Coláiste Bríde, Enniscorthy is a girls Voluntary Catholic Secondary School located in County Wexford. Coláiste Bríde was founded by the Sisters of Mercy and operates under the Trusteeship of CEIST.

==History==
Coláiste Bríde was founded by the Sisters of Mercy who arrived in Enniscorthy in 1859 to open a convent to meet the needs of the poor. In 1860 two rooms were procured and classes for children and adults commenced. Recognising the necessity for training the young, in 1882 the nuns opened a workroom where they taught knitting, shirt making and associated crafts.

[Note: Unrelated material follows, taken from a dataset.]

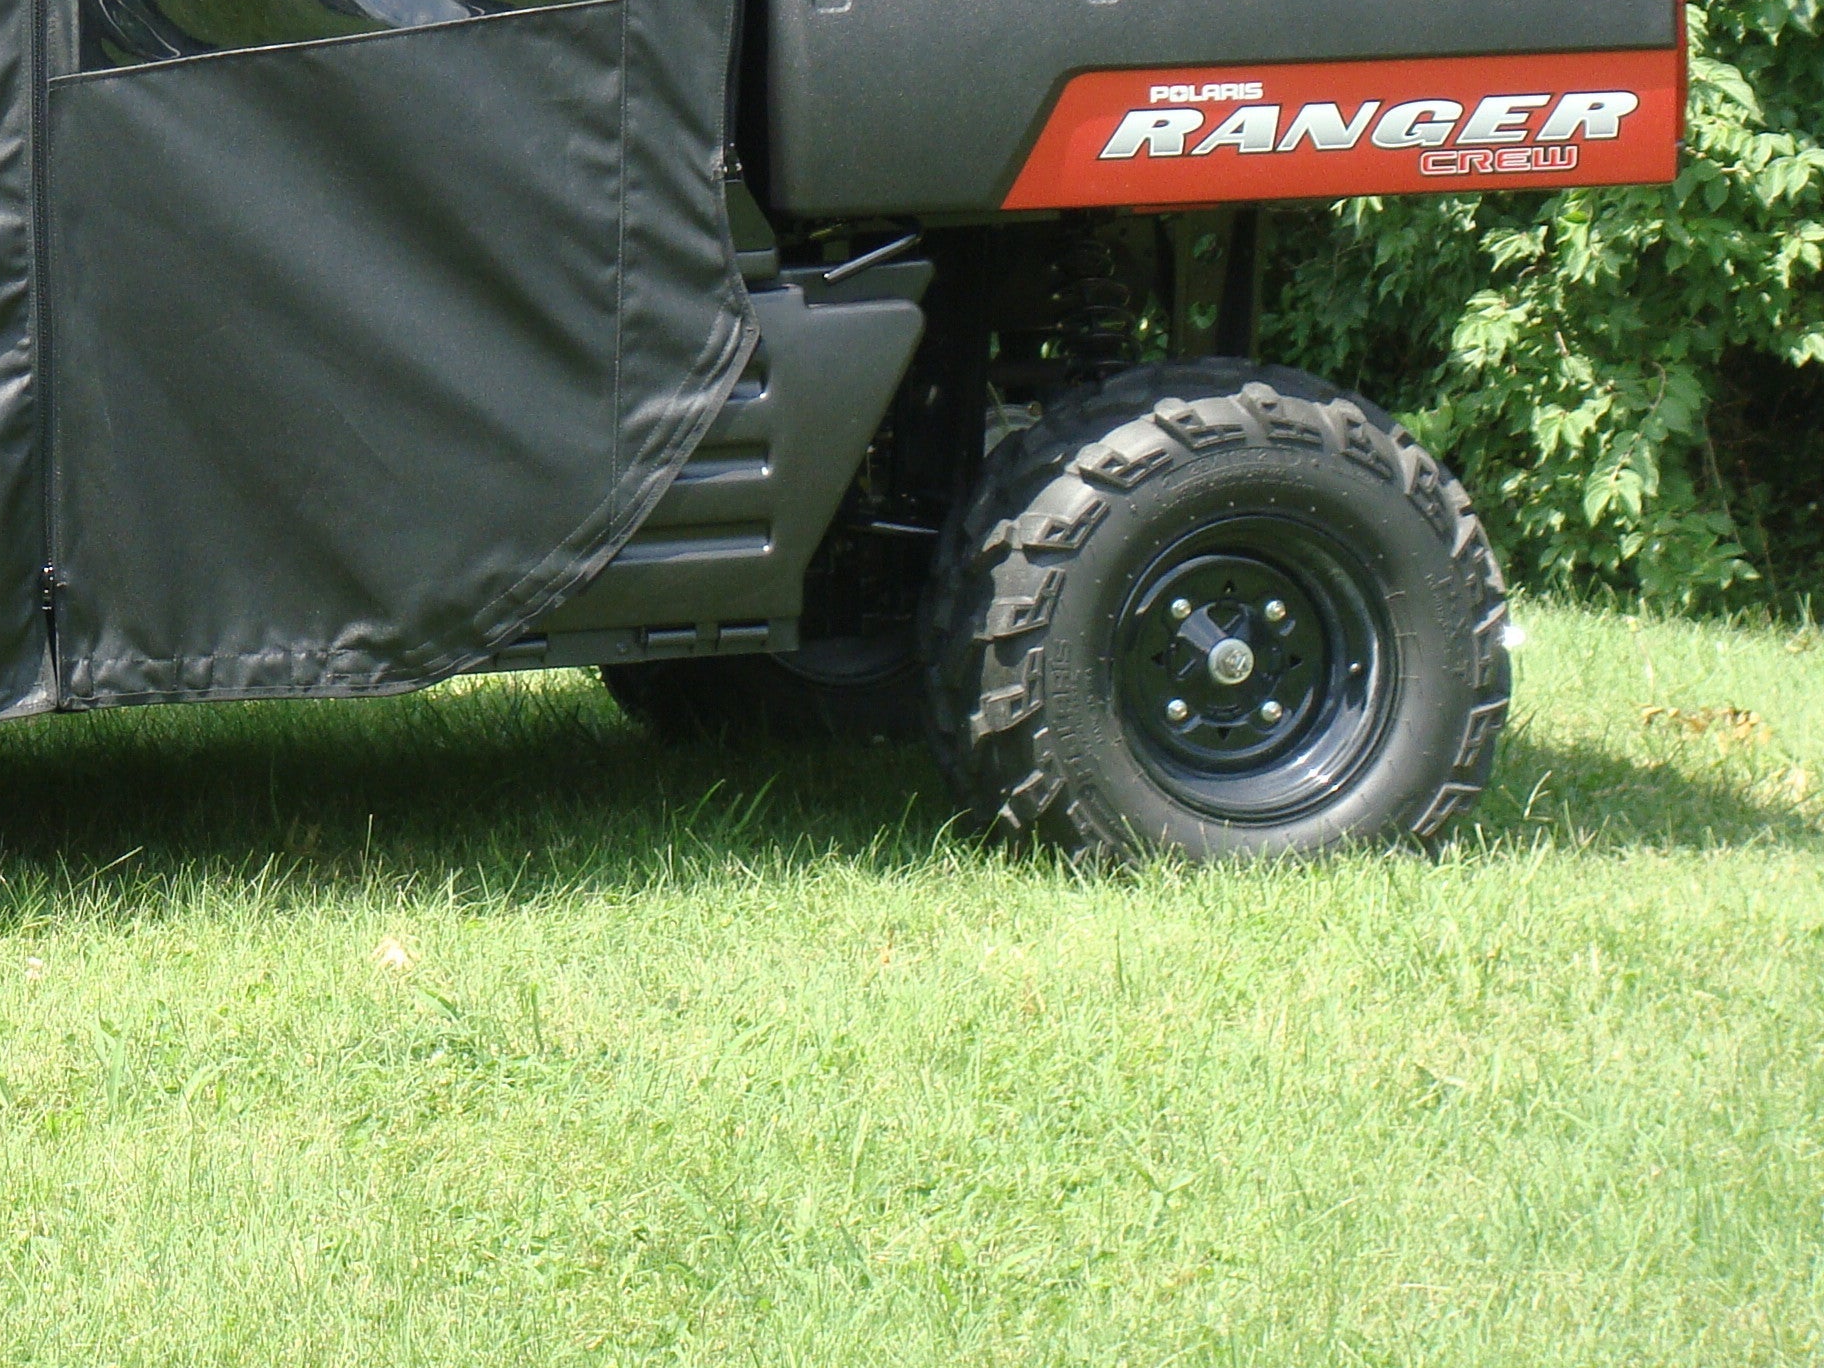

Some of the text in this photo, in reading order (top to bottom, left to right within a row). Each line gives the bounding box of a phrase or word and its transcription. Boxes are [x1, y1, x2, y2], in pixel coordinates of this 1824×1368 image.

[1150, 82, 1264, 103] POLARIS
[1099, 90, 1640, 159] RANGER
[1420, 145, 1579, 177] CREW

In 1935, the sisters built Secondary Top, a building to house the second level pupils, under the direction of Sr. Catherine Bolger. In 1970, the Secondary Top was upgraded to full secondary status with the opening of phase one of the present Coláiste Bríde. The second phase was opened in 1978.
5.

In 2007, the school began operating under the trusteeship of Catholic Education an Irish Schools Trust (CEIST).

==Facilities==
The facilities include a canteen, sports hall, library, science labs, home economics kitchens, IT labs, art rooms, music room, a well-being area and football pitch.

==Events==
- Every year the school holds a positive mental health week, "I am Worth it"
- Every year there is a Christmas Carol Service and Christmas Quiz with acting, dancing, and group performances by the teachers.
- The school has regular events to promote literacy as part of the Well Read Initiative

==Alumni==
- Ann Skelly (b. 1996) - actress.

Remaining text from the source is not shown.